Cant connect to mysql using self signed SSL certificate
After creating a self-signed SSL certificate, I have configured my remote MySQL server to use them (and SSL is enabled)
I ssh into my remote server, and try connecting to its own mysqld using SSL (MySQL server is 5.5.25)..
mysql -u <user> -p --ssl=1 --ssl-cert=client.cert --ssl-key=client.key --ssl-ca=ca.cert
Enter password:
ERROR 2026 (HY000): SSL connection error: error:00000001:lib(0):func(0):reason(1)
Ok, I remember reading theres some problem with connecting to the same server via SSL. So I download the client keys down to my local box, and test from there...
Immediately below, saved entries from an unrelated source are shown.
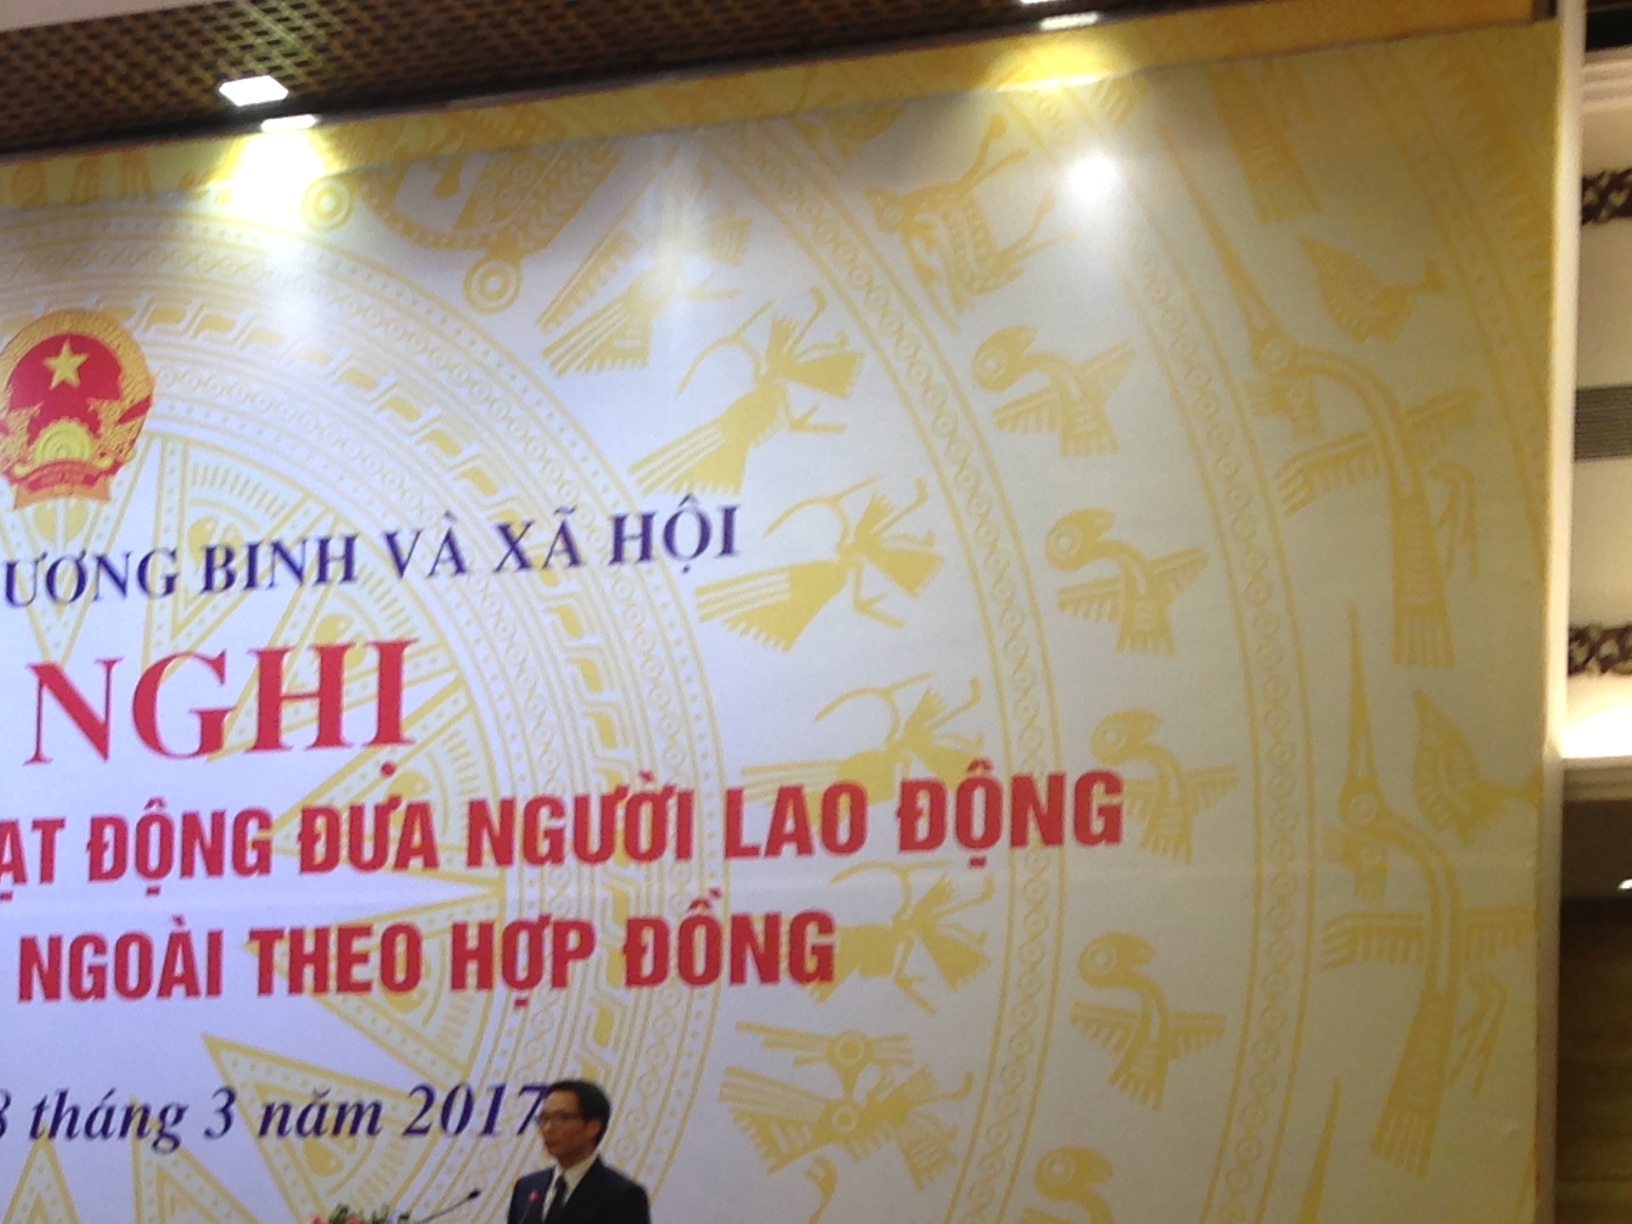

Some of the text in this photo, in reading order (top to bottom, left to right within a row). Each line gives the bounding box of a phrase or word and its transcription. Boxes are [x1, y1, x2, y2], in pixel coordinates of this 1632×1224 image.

[200, 535, 357, 594] BINH
[383, 510, 468, 579] VÀ
[494, 506, 583, 573] XÃ
[606, 493, 739, 574] HỘI
[24, 636, 417, 777] NGHỊ
[87, 799, 274, 896] ĐỘNG
[297, 794, 440, 874] ĐƯA
[465, 771, 695, 869] NGƯỜI
[723, 780, 869, 860] LAO
[895, 758, 1124, 868] ĐỘNG
[18, 917, 224, 1002] NGOÀI
[249, 922, 424, 996] THEO
[450, 913, 597, 1009] HỢP
[620, 888, 836, 989] ĐỒNG
[27, 1086, 190, 1156] tháng
[202, 1085, 238, 1141] 3
[258, 1086, 385, 1140] năm
[401, 1080, 548, 1139] 2017
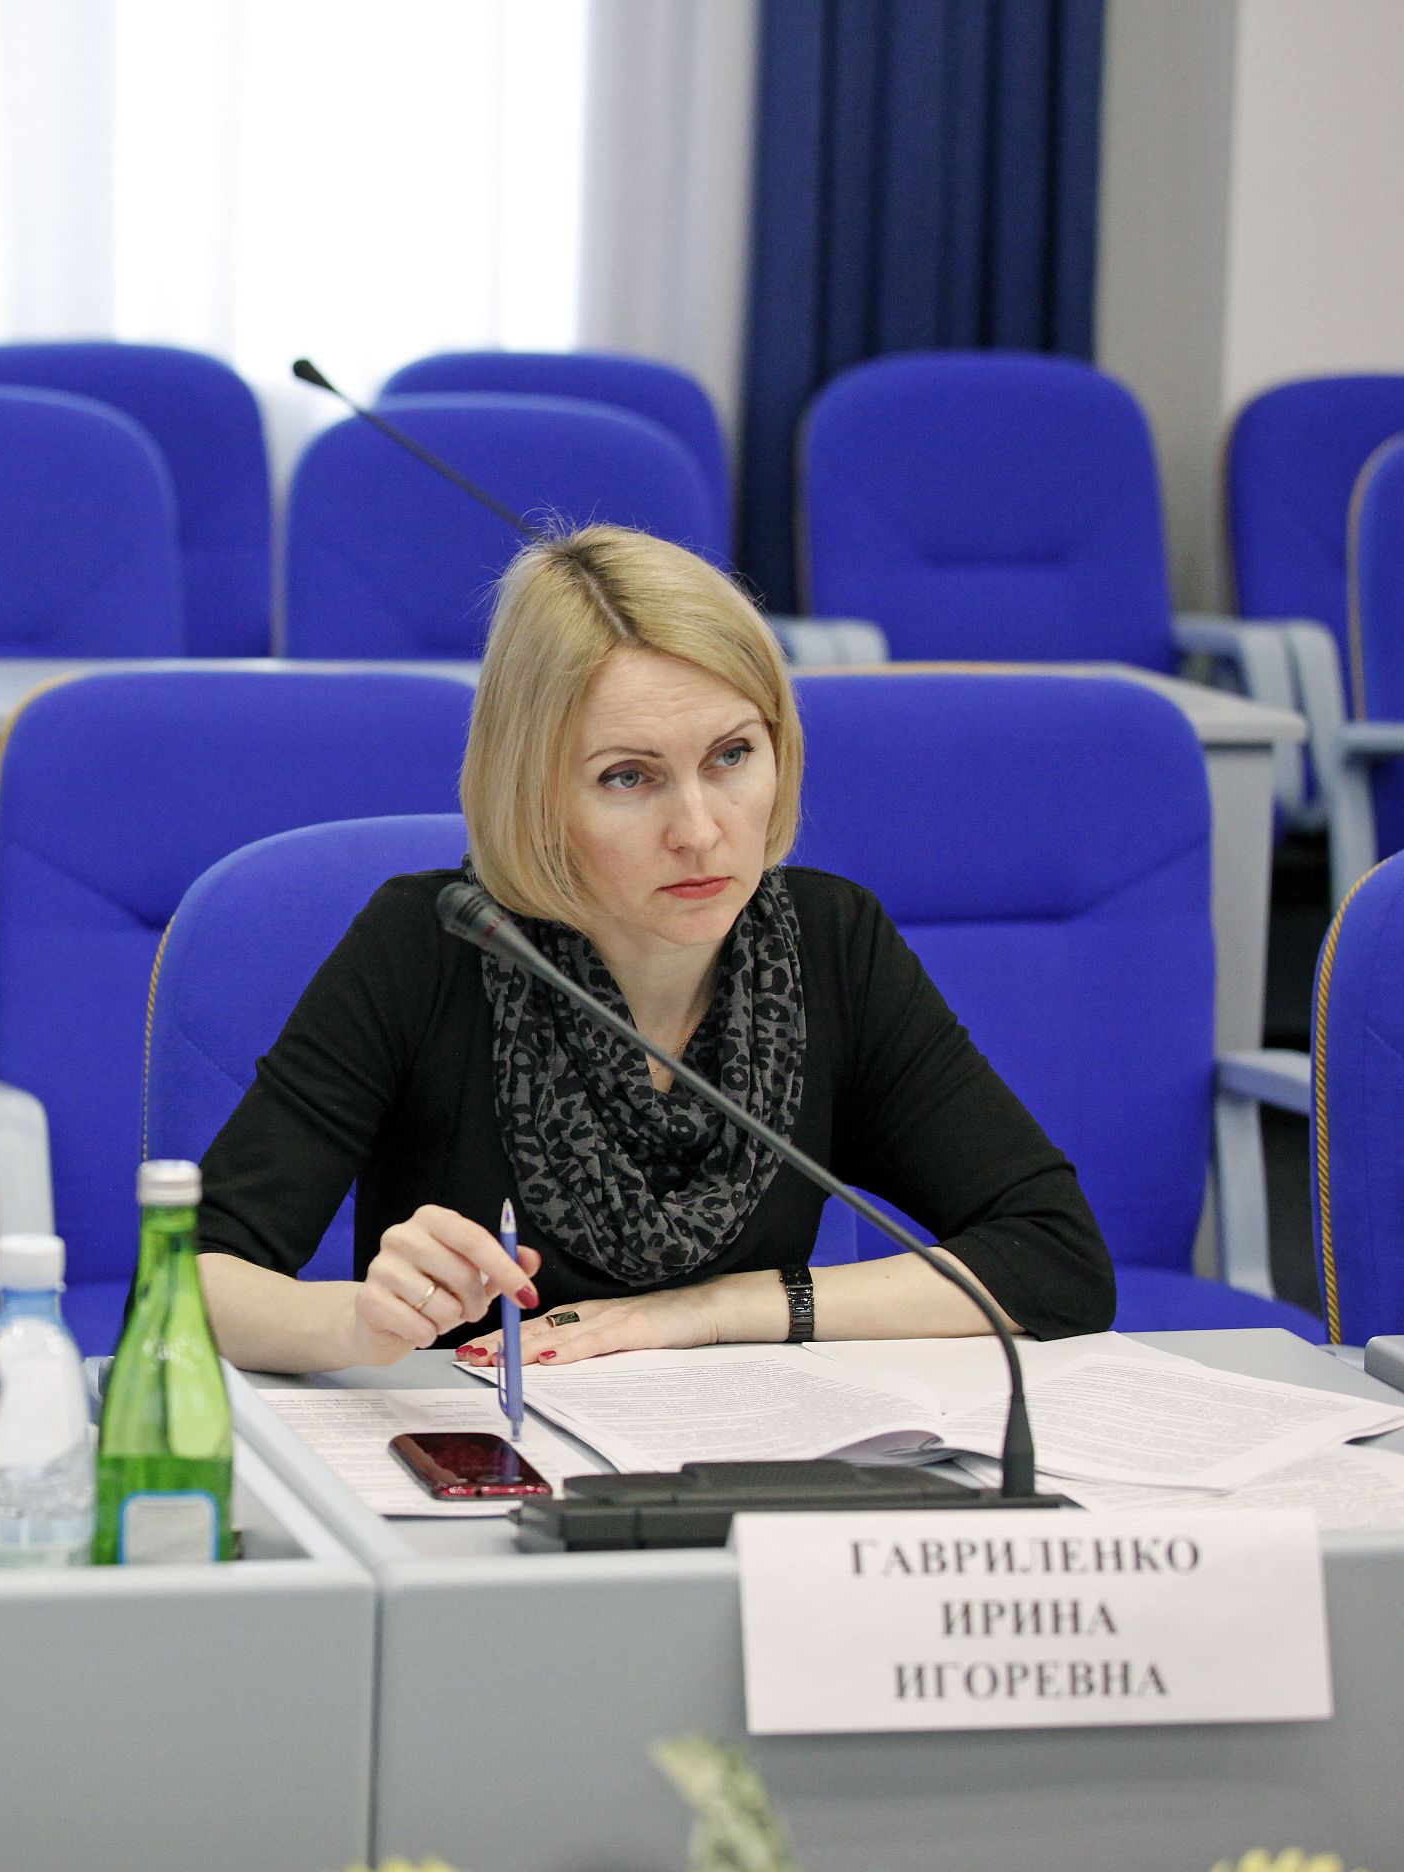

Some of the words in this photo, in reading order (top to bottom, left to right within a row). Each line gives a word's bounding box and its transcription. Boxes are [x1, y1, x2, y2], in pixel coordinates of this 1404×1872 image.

[851, 1536, 1202, 1576] ГАВРИЛЕНКО
[940, 1599, 1119, 1638] ИРИНА
[893, 1659, 1169, 1700] ИГОРЕВНА
mysql -h <server> -u <user> -p --ssl=1 --ssl-cert=client.cert --ssl-key=client.key --ssl-ca=ca.cert
Enter password:
ERROR 2026 (HY000): SSL connection error
Its unclear what this "SSL connection error" error refers to, but if I omit the -ssl-ca
, then I am able to connect using SSL..
mysql -h <server> -u <user> -p --ssl=1 --ssl-cert=client.cert --ssl-key=client.key
Enter password:
Welcome to the MySQL monitor. Commands end with ; or \g.
Your MySQL connection id is 37
Server version: 5.5.25 MySQL Community Server (GPL)
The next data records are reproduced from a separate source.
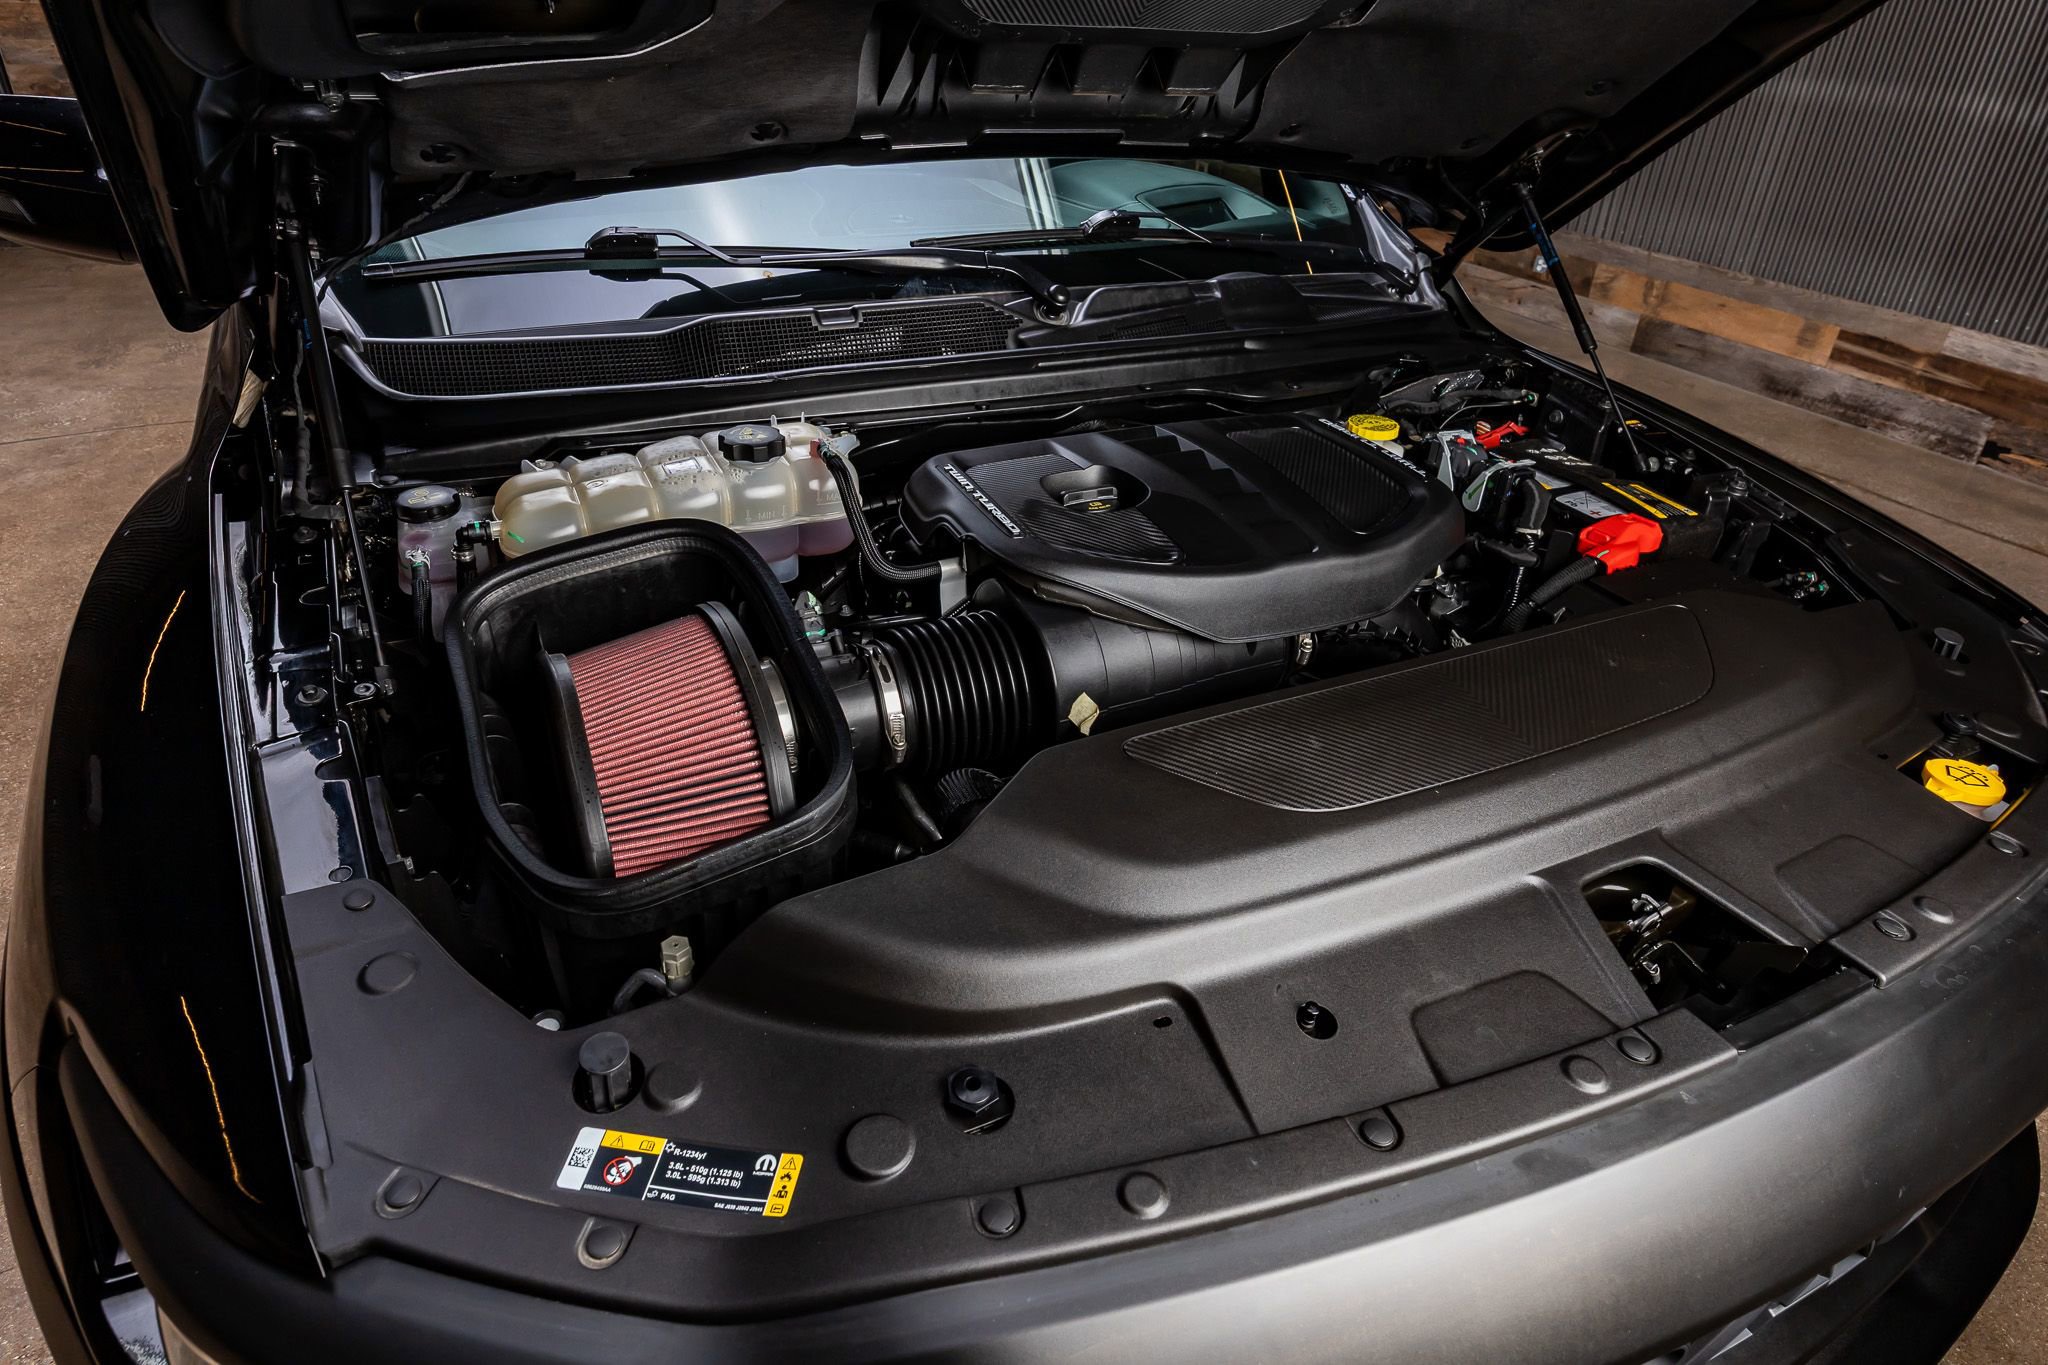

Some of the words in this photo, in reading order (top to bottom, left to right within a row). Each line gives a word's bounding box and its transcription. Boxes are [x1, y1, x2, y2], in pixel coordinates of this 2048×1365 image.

[943, 463, 975, 492] TWIN
[973, 489, 1021, 535] TURBO
[758, 511, 776, 520] MIN
[674, 1148, 707, 1160] R-1234yf
[668, 1162, 684, 1170] 3.6L
[690, 1165, 708, 1174] 510g
[709, 1168, 730, 1177] (1.125
[733, 1170, 744, 1180] lb)
[666, 1170, 682, 1180] 3.0L
[688, 1174, 706, 1184] 595g
[706, 1177, 729, 1186] (1.313
[730, 1180, 742, 1188] lb)
[660, 1192, 676, 1200] PAG
However, I believe that this is only encrypting the connection, and not actually verifying the validity of the cert (meaning I would be potentially vulnerable to man-in-middle attack)
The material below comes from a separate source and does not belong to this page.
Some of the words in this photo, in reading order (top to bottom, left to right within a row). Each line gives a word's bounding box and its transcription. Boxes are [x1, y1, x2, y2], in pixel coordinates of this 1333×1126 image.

The SSL certs are valid (albeit self signed), and do not have a passphrase on them. So my question is, what am I doing wrong? How can I connect via SSL, using a self signed certificate?
MySQL Server version is 5.5.25 and the server and clients are CentOS 5.
Thanks for any advice
Edit: Note that in all cases, the command is being issued from the same directory where the ssl keys reside (hence no absolute path)
Edit (in response to mgorven):
ca.cert
is the Certificate Authority certificate, which is supposed to tell mysql that my certificate authority is trusted.
The config from my.cnf
is
[mysqld]
ssl-ca=/etc/ssl/mysql/ca.cert
ssl-cert=/etc/ssl/mysql/server.cert
ssl-key=/etc/ssl/mysql/server.key
I also tried adding ssl-cipher=DHE-RSA-AES256-SHA
but have since removed it as it didn't help.
Yes, you are correct that if you don't specify --ssl-ca
then the client does not check the server certificate at all. Since it works without that option the most likely reason for the failure is that the client doesn't trust the server certificate.
If you are using self-signed client and server certificates then the ca.cert
file should include both these files. That way the client will trust the server certificate and the server will trust the client certificate.
For example:
Generate the server key and certificate:
$ openssl req -x509 -newkey rsa:1024 \
-keyout server-key-enc.pem -out server-cert.pem \
-subj '/DC=com/DC=example/CN=server' -passout pass:qwerty
$ openssl rsa -in server-key-enc.pem -out server-key.pem \
-passin pass:qwerty -passout pass:
Generate the client key and certificate:
$ openssl req -x509 -newkey rsa:1024 \
-keyout client-key-enc.pem -out client-cert.pem \
-subj '/DC=com/DC=example/CN=client' -passout pass:qwerty
$ openssl rsa -in client-key-enc.pem -out client-key.pem \
-passin pass:qwerty -passout pass:
Combine the client and server certificates into the CA certificates file:
$ cat server-cert.pem client-cert.pem > ca.pem
To use one way ssl, you should try with:
mysql -u <user> -p --ssl=1 --ssl-ca=ca.cert --ssl-verify-server-cert
The --ssl-cert
and --ssl-key
on the mysql client are used for 2 way SSL. This means certificate based authentication. The subject of the client certificate should be the username.
By any chance, have not you entered the same Common Name for server and client certs? If yes, replace one of them so that Common Names are different.